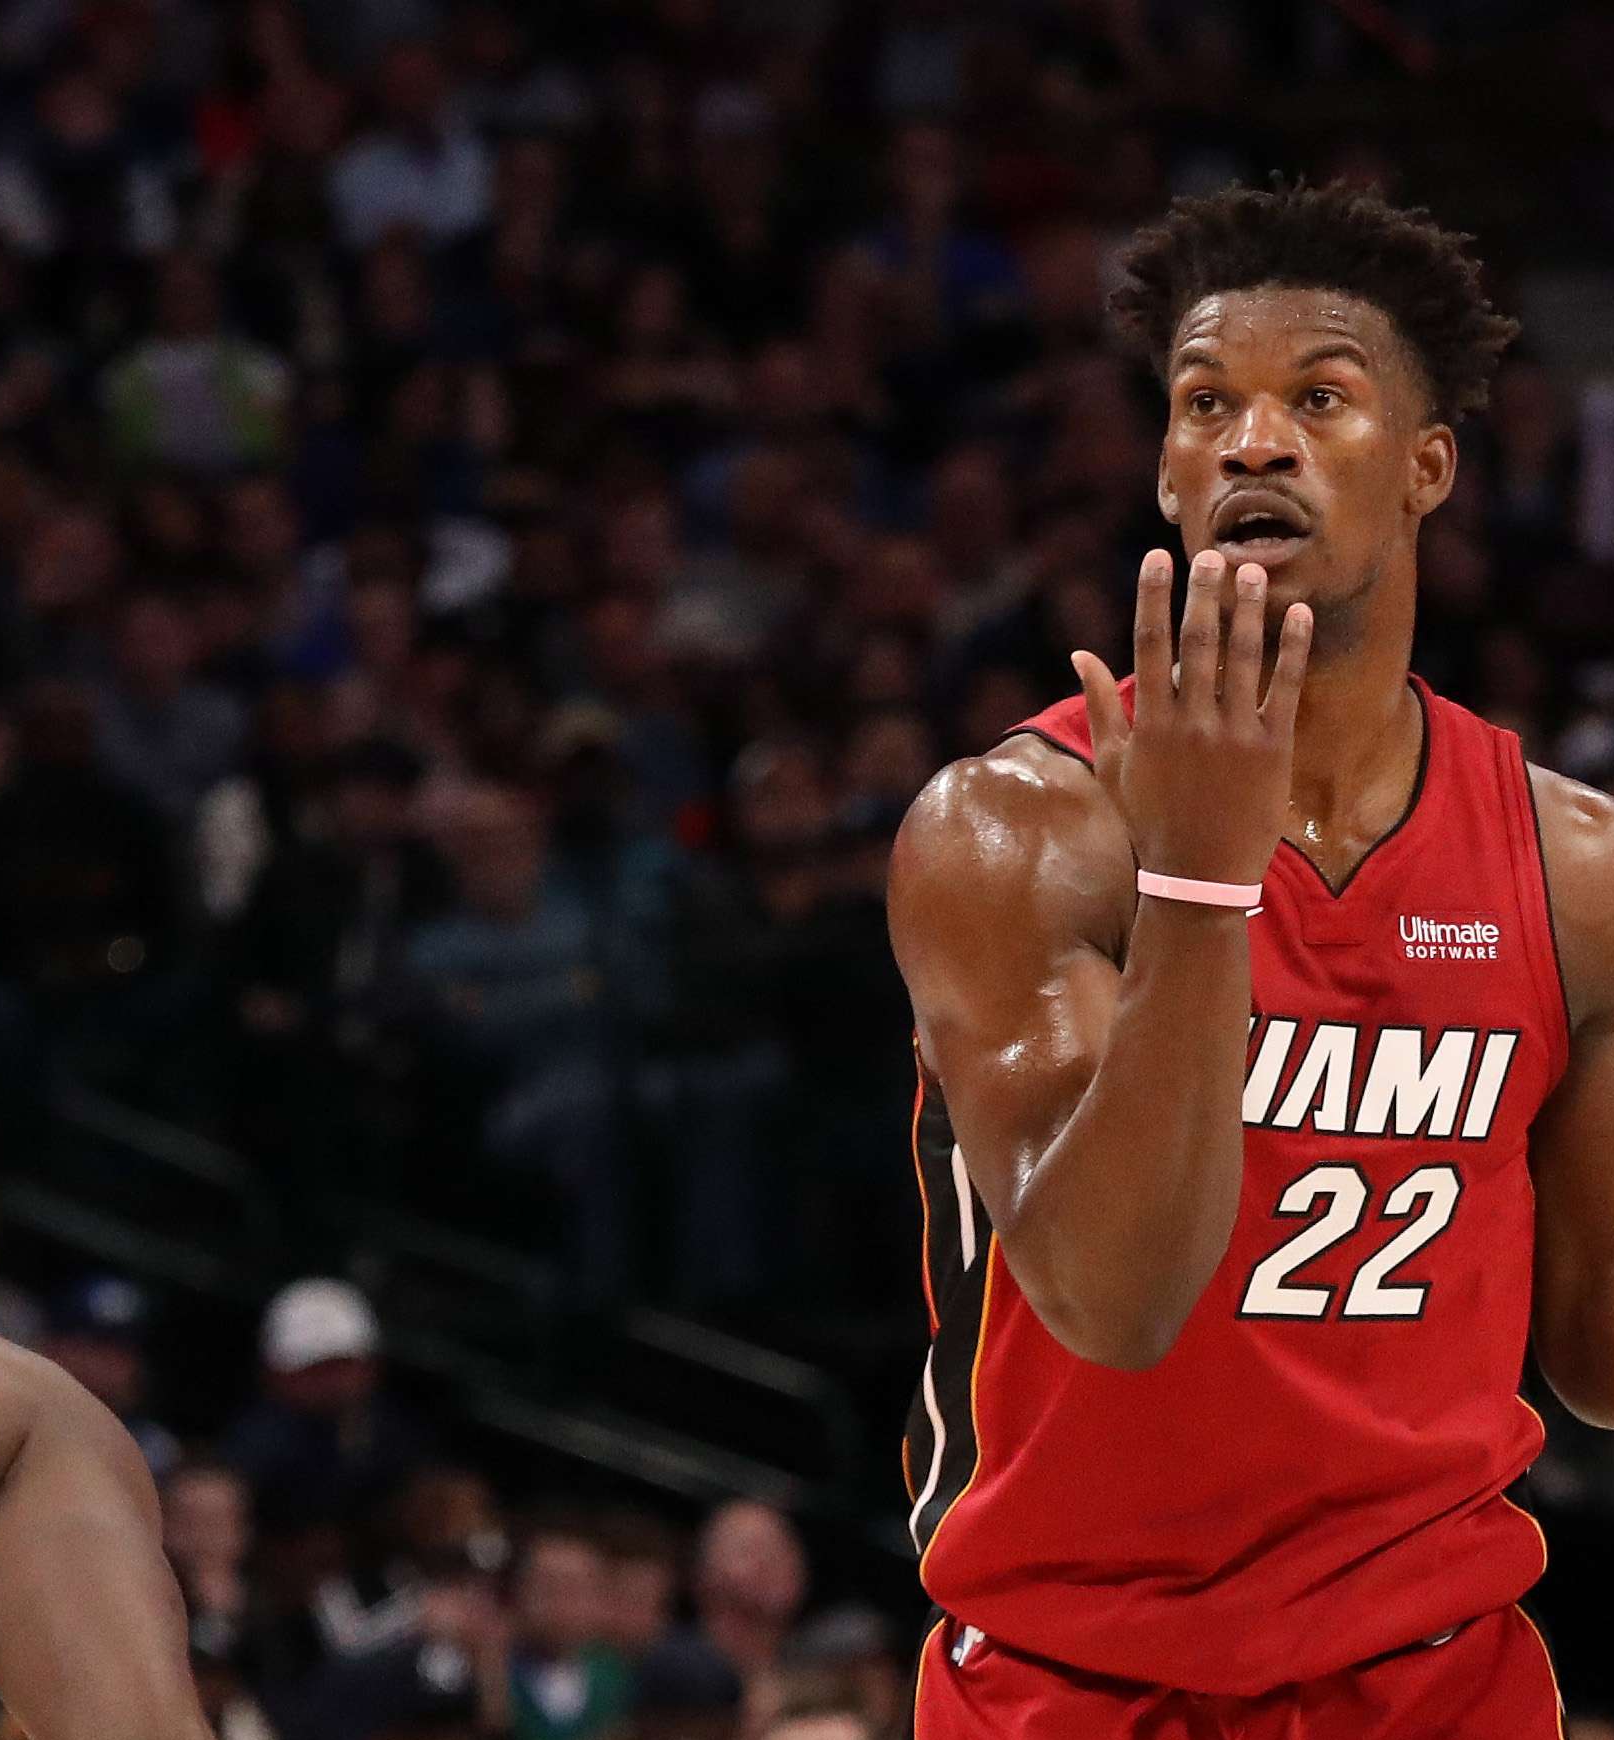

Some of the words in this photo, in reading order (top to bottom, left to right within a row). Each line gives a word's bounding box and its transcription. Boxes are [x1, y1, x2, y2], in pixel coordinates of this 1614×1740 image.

[1399, 915, 1500, 943] Ultimate
[1405, 945, 1498, 959] SOFTWARE
[1242, 1015, 1521, 1142] IAMI
[1237, 1160, 1463, 1322] 22

- **Problem requirements**: Set down each entry above exactly as it appears. Omit the pictures.

- **Solved exercise**:
Some of the words in this photo, in reading order (top to bottom, left to right within a row). Each line gives a word's bounding box and its transcription. Boxes are [x1, y1, x2, y2], in pixel coordinates of this 1614×1740 image.

[1399, 915, 1500, 943] Ultimate
[1405, 945, 1498, 959] SOFTWARE
[1242, 1015, 1521, 1142] IAMI
[1237, 1160, 1463, 1322] 22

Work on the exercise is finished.